An unidentified speaker said nationwide enrollment opens Nov. 1 and warned that average exchange premiums could rise 114% while tax credits fall, though the transcript does not cite a source for the figure.

An unidentified speaker warned that when nationwide enrollment opens Nov. 1, average premiums on the health insurance exchange "have gone way up" and tax credits "have gone down," estimating a 114% average increase.

The speaker, identified only as "Unidentified Speaker" in the transcript, opened by saying "in 9 months, the president has made our country sicker and poor," and described the nation as being "in a...fix regarding health care." The speaker said programs had been announced in their home state of Oregon and that Nov. 1 is the date "when it's across the nation, people can actually sign up." The transcript includes the direct claim of a "114% increase" and the characterization that costs would be "more than doubling."

The transcript does not provide a data source, study, or agency attribution for the 114% figure or for the assertion that tax credits have fallen; those details were not offered by the speaker. Because the numeric claim appears without citation in the transcript, it is presented here as the speaker's assertion rather than an independently verified fact.
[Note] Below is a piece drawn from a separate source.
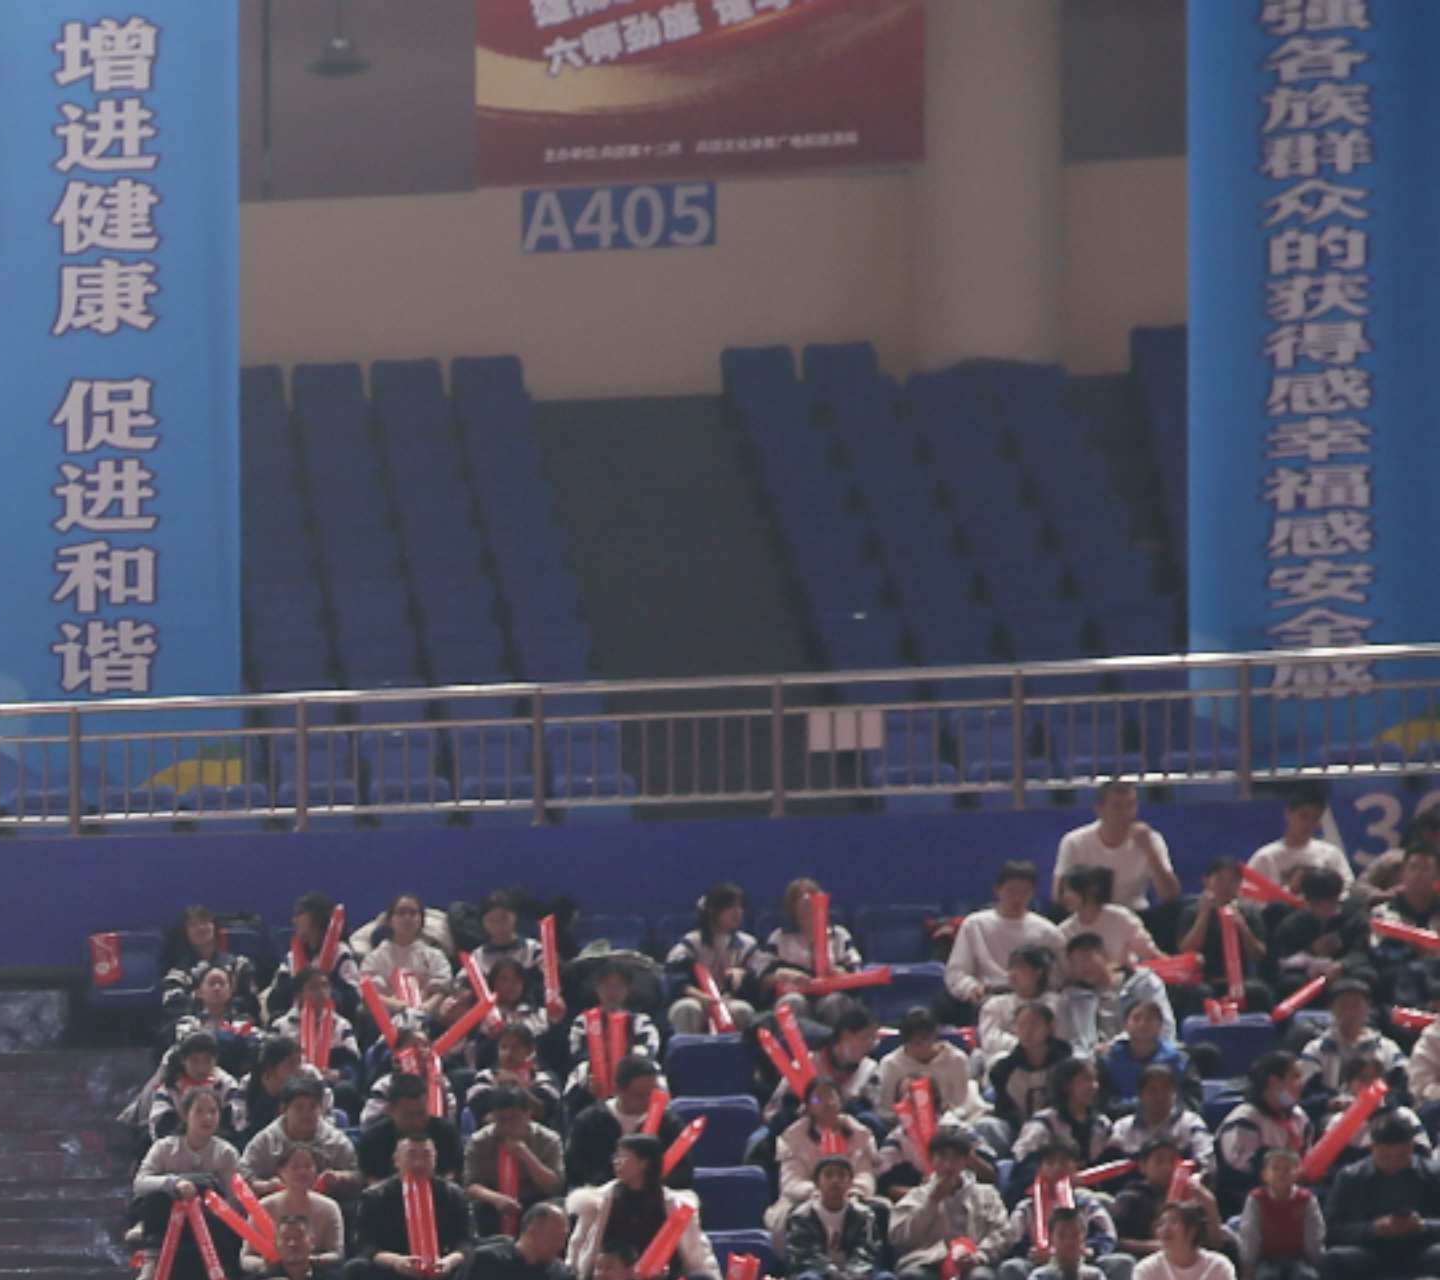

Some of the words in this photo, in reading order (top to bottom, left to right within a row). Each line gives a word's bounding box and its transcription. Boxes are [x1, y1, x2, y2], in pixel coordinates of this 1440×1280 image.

The remarks framed the issue as urgency about affordability, with the speaker contrasting the claimed premium increase to typical inflation numbers: "We get upset about 3 to 5% inflation. Right. This is, like, a 114% average across the nation." The session recorded no additional speakers, official responses, or formal actions on the topic in the provided transcript.

The account above reflects only what is recorded in the transcript: direct quotations and the speaker's numeric claims, which the transcript does not attribute to a specific report or agency. No vote or policy action is documented in the transcript.